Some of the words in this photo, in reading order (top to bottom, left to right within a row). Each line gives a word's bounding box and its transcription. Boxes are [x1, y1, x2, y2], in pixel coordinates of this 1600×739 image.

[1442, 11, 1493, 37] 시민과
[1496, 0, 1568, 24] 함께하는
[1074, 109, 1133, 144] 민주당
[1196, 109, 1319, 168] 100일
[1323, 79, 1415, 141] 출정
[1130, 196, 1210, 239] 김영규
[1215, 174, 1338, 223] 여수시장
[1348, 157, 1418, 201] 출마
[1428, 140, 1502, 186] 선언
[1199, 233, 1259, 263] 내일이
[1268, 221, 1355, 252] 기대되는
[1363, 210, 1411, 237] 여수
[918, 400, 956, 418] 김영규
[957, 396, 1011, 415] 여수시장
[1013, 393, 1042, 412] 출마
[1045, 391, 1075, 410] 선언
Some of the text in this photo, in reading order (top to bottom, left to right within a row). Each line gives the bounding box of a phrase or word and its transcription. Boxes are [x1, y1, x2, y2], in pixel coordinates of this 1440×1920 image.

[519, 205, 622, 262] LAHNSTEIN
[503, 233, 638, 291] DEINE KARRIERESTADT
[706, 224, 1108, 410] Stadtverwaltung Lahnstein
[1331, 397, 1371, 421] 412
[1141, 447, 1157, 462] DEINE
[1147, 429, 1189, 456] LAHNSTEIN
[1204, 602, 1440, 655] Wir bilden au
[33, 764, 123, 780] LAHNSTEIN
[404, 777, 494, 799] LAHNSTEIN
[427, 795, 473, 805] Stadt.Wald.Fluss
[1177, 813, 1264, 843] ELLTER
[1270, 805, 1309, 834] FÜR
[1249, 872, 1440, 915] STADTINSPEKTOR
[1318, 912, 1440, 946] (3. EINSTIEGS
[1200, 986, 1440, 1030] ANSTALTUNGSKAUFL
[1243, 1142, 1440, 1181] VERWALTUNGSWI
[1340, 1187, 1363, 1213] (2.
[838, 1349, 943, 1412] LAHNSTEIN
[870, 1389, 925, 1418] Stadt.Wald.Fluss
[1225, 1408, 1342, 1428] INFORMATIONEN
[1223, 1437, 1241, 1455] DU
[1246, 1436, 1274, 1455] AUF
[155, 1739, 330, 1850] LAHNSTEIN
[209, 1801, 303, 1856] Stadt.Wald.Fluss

┄┄┄┄┄┄┄┄┄┄┄┄┄┄┄┄┄┄┄┄

## Problem details
The records above are to be restated word for word, in full.

## Task response
Some of the words in this photo, in reading order (top to bottom, left to right within a row). Each line gives a word's bounding box and its transcription. Boxes are [x1, y1, x2, y2], in pixel coordinates of this 1600×739 image.

[1442, 11, 1493, 37] 시민과
[1496, 0, 1568, 24] 함께하는
[1074, 109, 1133, 144] 민주당
[1196, 109, 1319, 168] 100일
[1323, 79, 1415, 141] 출정
[1130, 196, 1210, 239] 김영규
[1215, 174, 1338, 223] 여수시장
[1348, 157, 1418, 201] 출마
[1428, 140, 1502, 186] 선언
[1199, 233, 1259, 263] 내일이
[1268, 221, 1355, 252] 기대되는
[1363, 210, 1411, 237] 여수
[918, 400, 956, 418] 김영규
[957, 396, 1011, 415] 여수시장
[1013, 393, 1042, 412] 출마
[1045, 391, 1075, 410] 선언
Some of the text in this photo, in reading order (top to bottom, left to right within a row). Each line gives the bounding box of a phrase or word and its transcription. Boxes are [x1, y1, x2, y2], in pixel coordinates of this 1440×1920 image.

[519, 205, 622, 262] LAHNSTEIN
[503, 233, 638, 291] DEINE KARRIERESTADT
[706, 224, 1108, 410] Stadtverwaltung Lahnstein
[1331, 397, 1371, 421] 412
[1141, 447, 1157, 462] DEINE
[1147, 429, 1189, 456] LAHNSTEIN
[1204, 602, 1440, 655] Wir bilden au
[33, 764, 123, 780] LAHNSTEIN
[404, 777, 494, 799] LAHNSTEIN
[427, 795, 473, 805] Stadt.Wald.Fluss
[1177, 813, 1264, 843] ELLTER
[1270, 805, 1309, 834] FÜR
[1249, 872, 1440, 915] STADTINSPEKTOR
[1318, 912, 1440, 946] (3. EINSTIEGS
[1200, 986, 1440, 1030] ANSTALTUNGSKAUFL
[1243, 1142, 1440, 1181] VERWALTUNGSWI
[1340, 1187, 1363, 1213] (2.
[838, 1349, 943, 1412] LAHNSTEIN
[870, 1389, 925, 1418] Stadt.Wald.Fluss
[1225, 1408, 1342, 1428] INFORMATIONEN
[1223, 1437, 1241, 1455] DU
[1246, 1436, 1274, 1455] AUF
[155, 1739, 330, 1850] LAHNSTEIN
[209, 1801, 303, 1856] Stadt.Wald.Fluss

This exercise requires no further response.